David's (BT) data blog: BT PQ P1-T2-20-16-1: Univariate regression: Inflation versus unemployment

Background

BT is known for our tough training-style practice questions, and we love it, but I wanted to take it further and add more realism. I’ve been writing a fresh question sets on the regression topics; I’m always writing new questions! It takes more time, but in these regression sets I’ve been pulling actual datasets. For this question, I pulled inflation and unemployment rates from the FRED database (see below). In combination with actual code-based applications, these new question sets are much more realistic than typical exam-prep fare. Let’s face it: in the real world, quantitative tasks (e.g., regression) are performed in software, not with calculators. In a way, it’s our responsibility to help candidates get exposure to tools that are actually useful.
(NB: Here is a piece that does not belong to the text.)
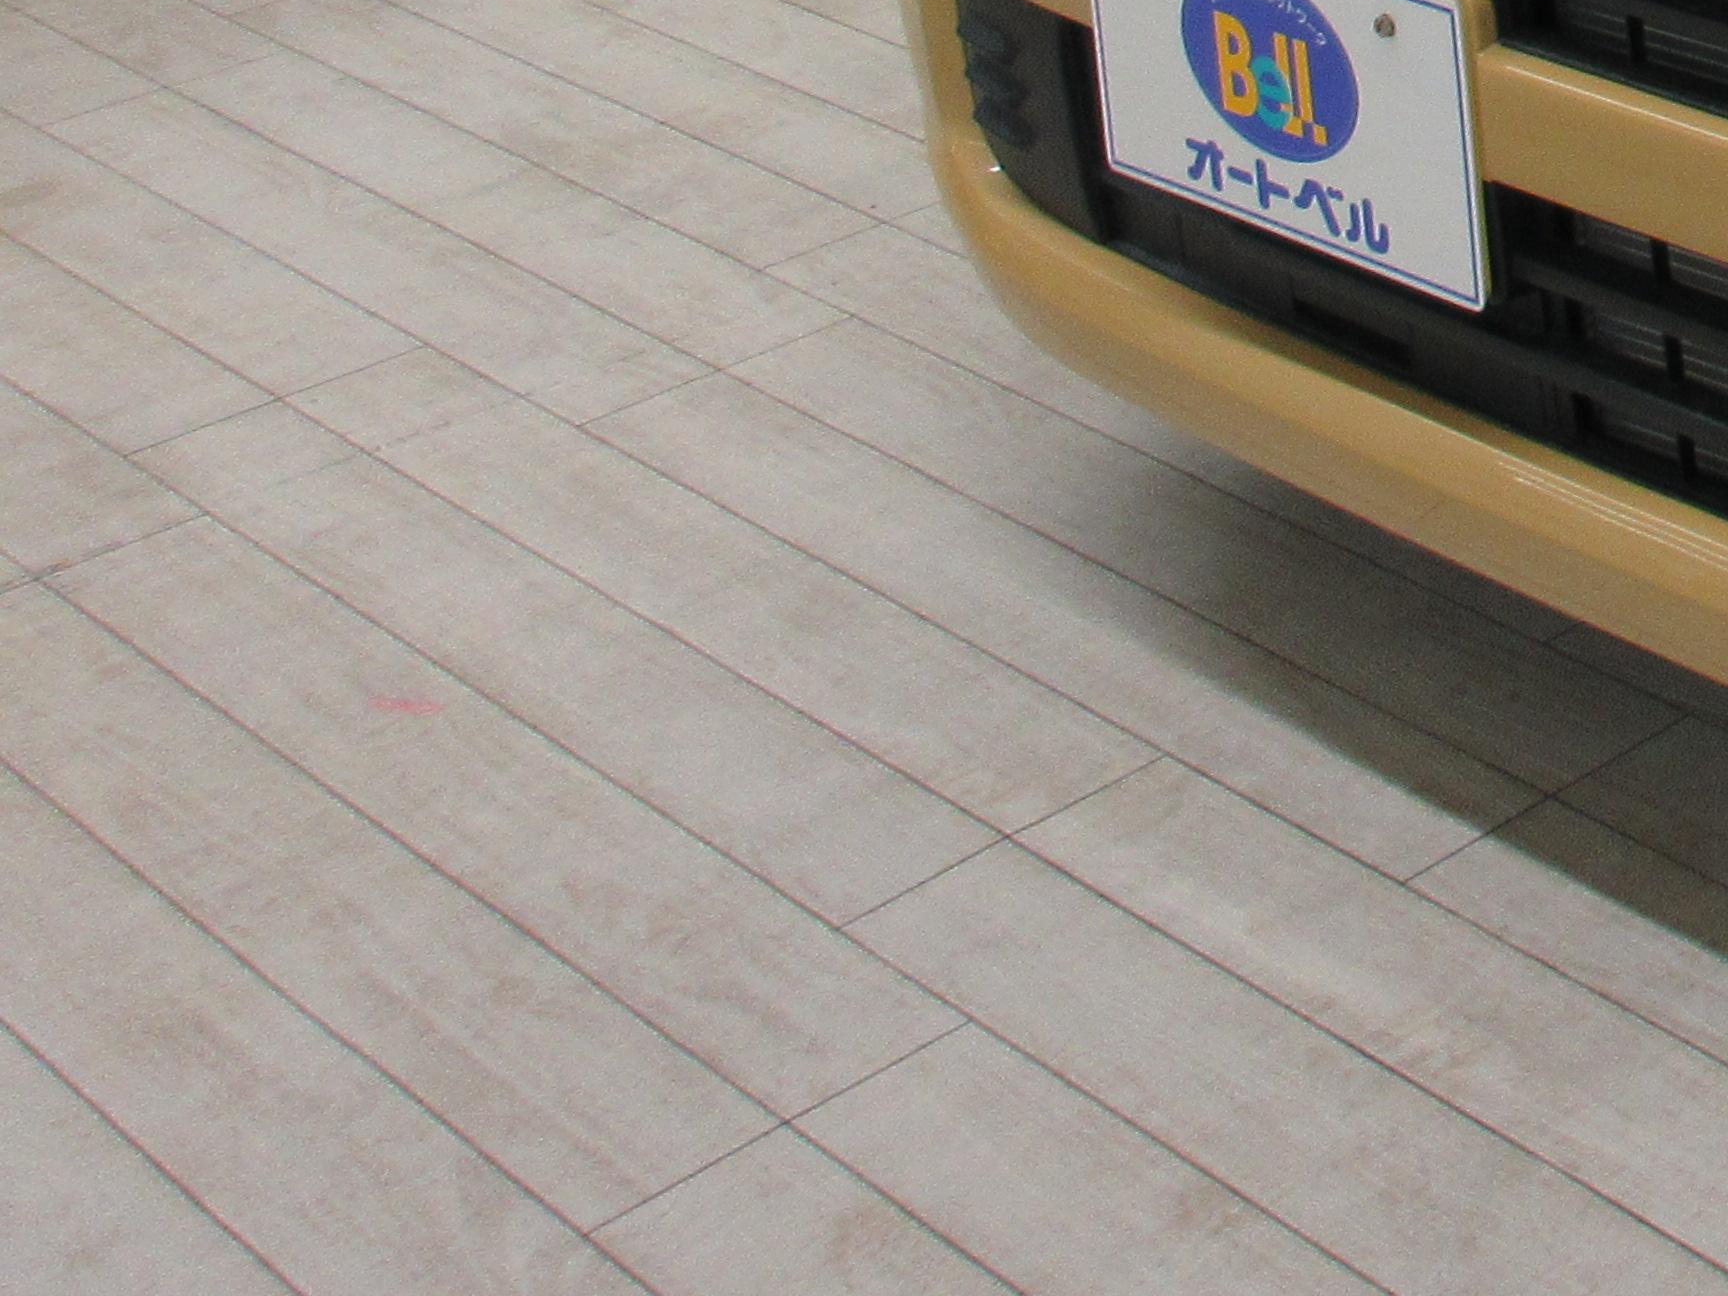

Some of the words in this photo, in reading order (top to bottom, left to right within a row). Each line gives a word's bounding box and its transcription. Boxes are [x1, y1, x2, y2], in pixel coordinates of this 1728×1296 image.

We’ve always been the only FRM exam prep provider (EPP) who develops virtually the entire, broad array of quantitative risk (FRM) topics in spreadsheet workbooks (this is a massive construction of hundreds of spreadsheets that has taken me the better part of a decade to build). Now I’ve started to develop associated code-based applications for the ultimate in realistic study material.

Using the gt package to render the regression output table

I thought I’d try the gt package to see if I could improve the presentation of the regression output table. It’s fairly intuitive but a little unexpected because you pipe (“%>%”) additional format features.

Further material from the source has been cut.